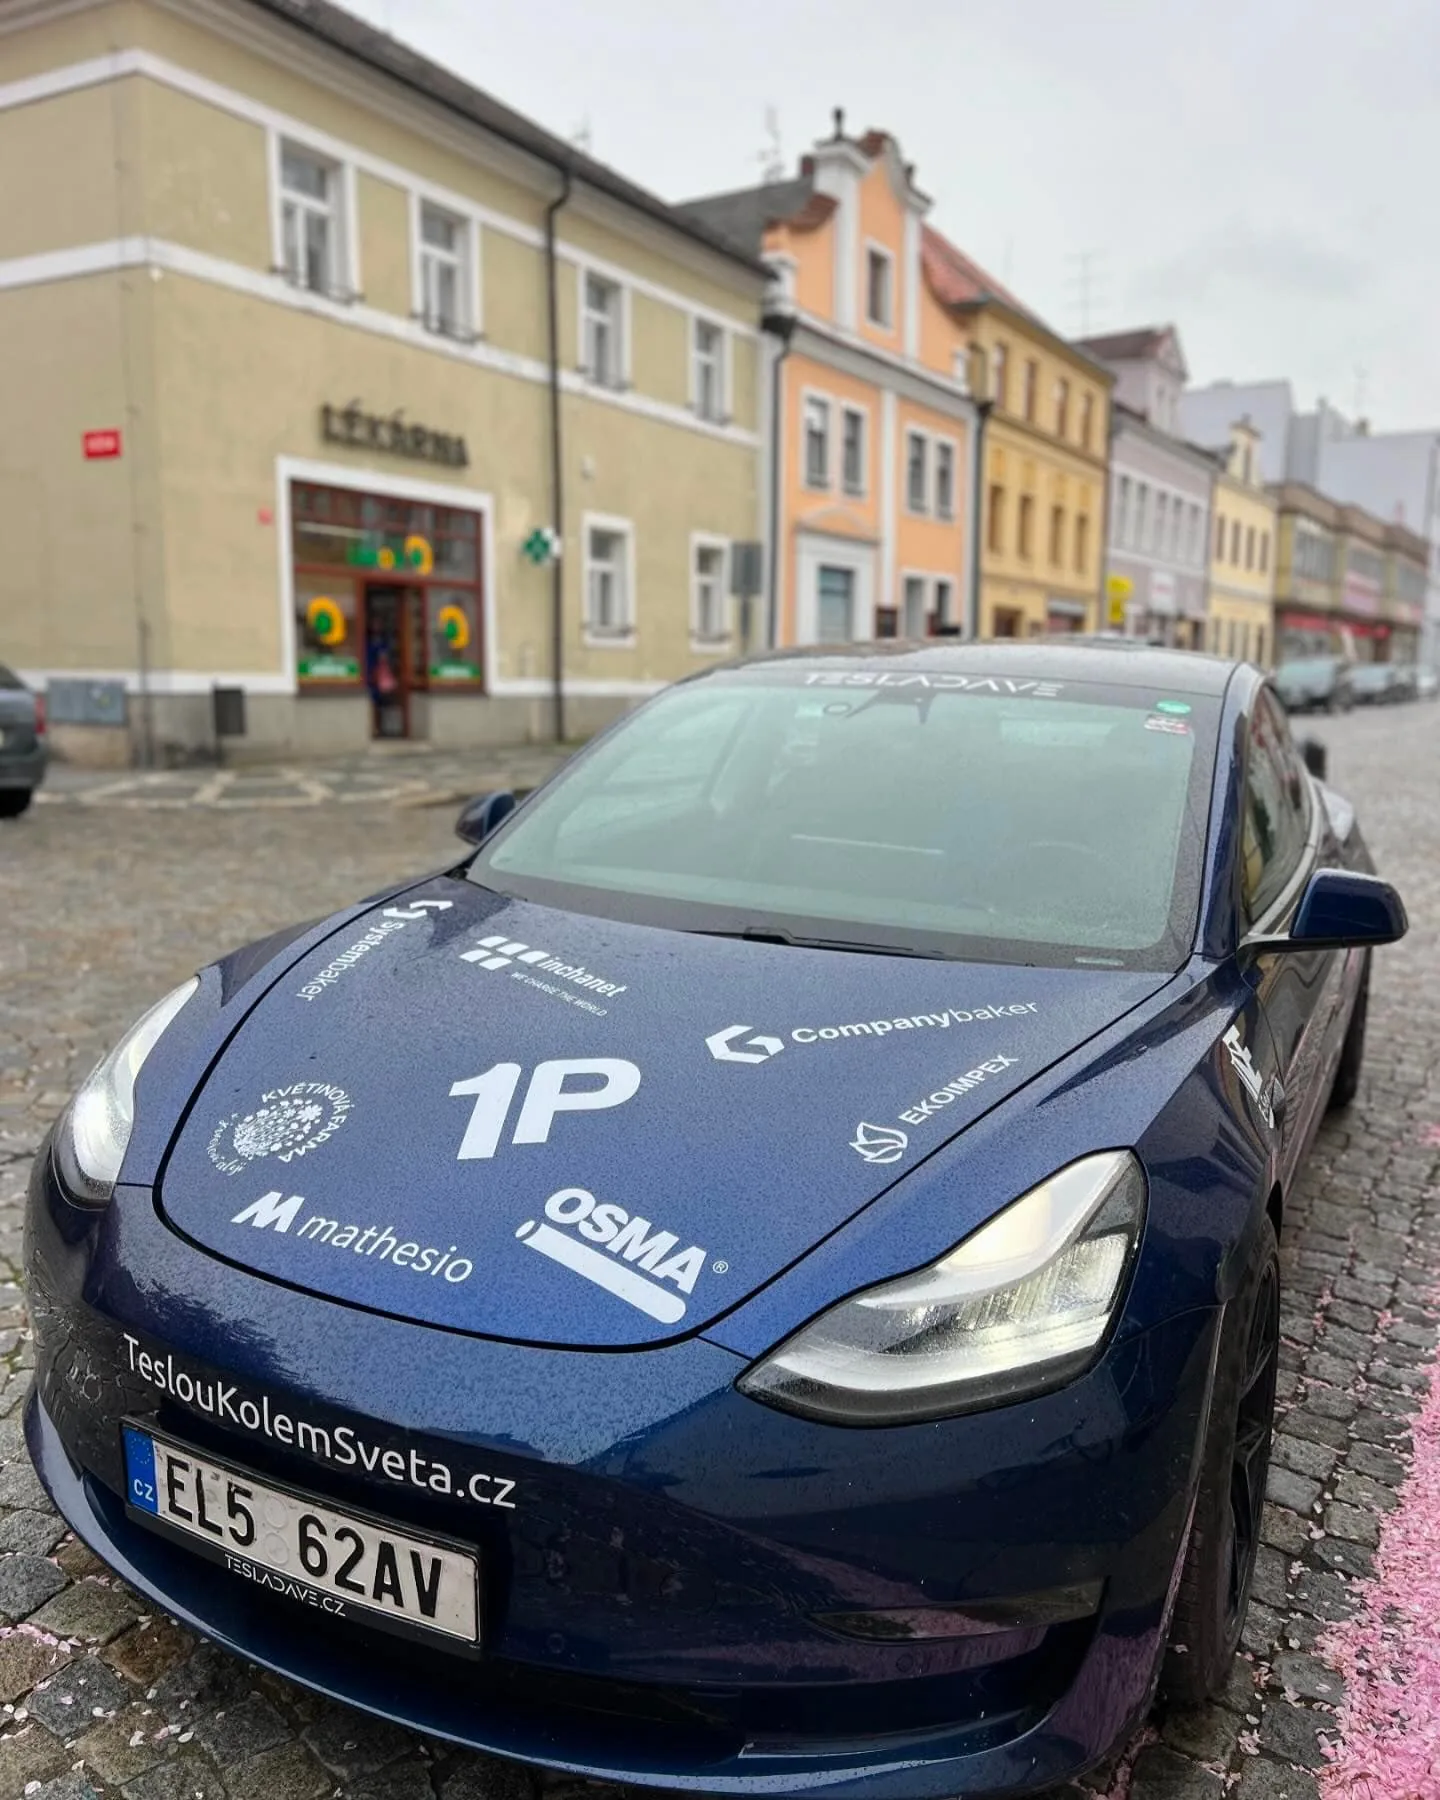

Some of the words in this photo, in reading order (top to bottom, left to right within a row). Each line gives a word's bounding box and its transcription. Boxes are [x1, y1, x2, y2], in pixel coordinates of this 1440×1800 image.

[804, 672, 1064, 698] TESLADAVE
[296, 920, 406, 1001] systembaker
[536, 956, 628, 998] inchanet
[791, 1001, 1038, 1043] Companybaker
[448, 1058, 641, 1160] 1P
[898, 1054, 1019, 1125] EKOIMPEX
[278, 1114, 348, 1163] FARMA
[296, 1215, 474, 1282] mathesio
[122, 1333, 517, 1509] TeslouKolemSveta.cz
[133, 1478, 155, 1503] CZ
[166, 1453, 256, 1547] EL5
[298, 1513, 444, 1619] 62AV
[224, 1552, 347, 1618] TESLADAVE.CZ
============================================================
▸ Exercise objective:
Print out every entry above without changing a word, and leave out the pictures.

▸ Written solution:
Some of the words in this photo, in reading order (top to bottom, left to right within a row). Each line gives a word's bounding box and its transcription. Boxes are [x1, y1, x2, y2], in pixel coordinates of this 1440×1800 image.

[804, 672, 1064, 698] TESLADAVE
[296, 920, 406, 1001] systembaker
[536, 956, 628, 998] inchanet
[791, 1001, 1038, 1043] Companybaker
[448, 1058, 641, 1160] 1P
[898, 1054, 1019, 1125] EKOIMPEX
[278, 1114, 348, 1163] FARMA
[296, 1215, 474, 1282] mathesio
[122, 1333, 517, 1509] TeslouKolemSveta.cz
[133, 1478, 155, 1503] CZ
[166, 1453, 256, 1547] EL5
[298, 1513, 444, 1619] 62AV
[224, 1552, 347, 1618] TESLADAVE.CZ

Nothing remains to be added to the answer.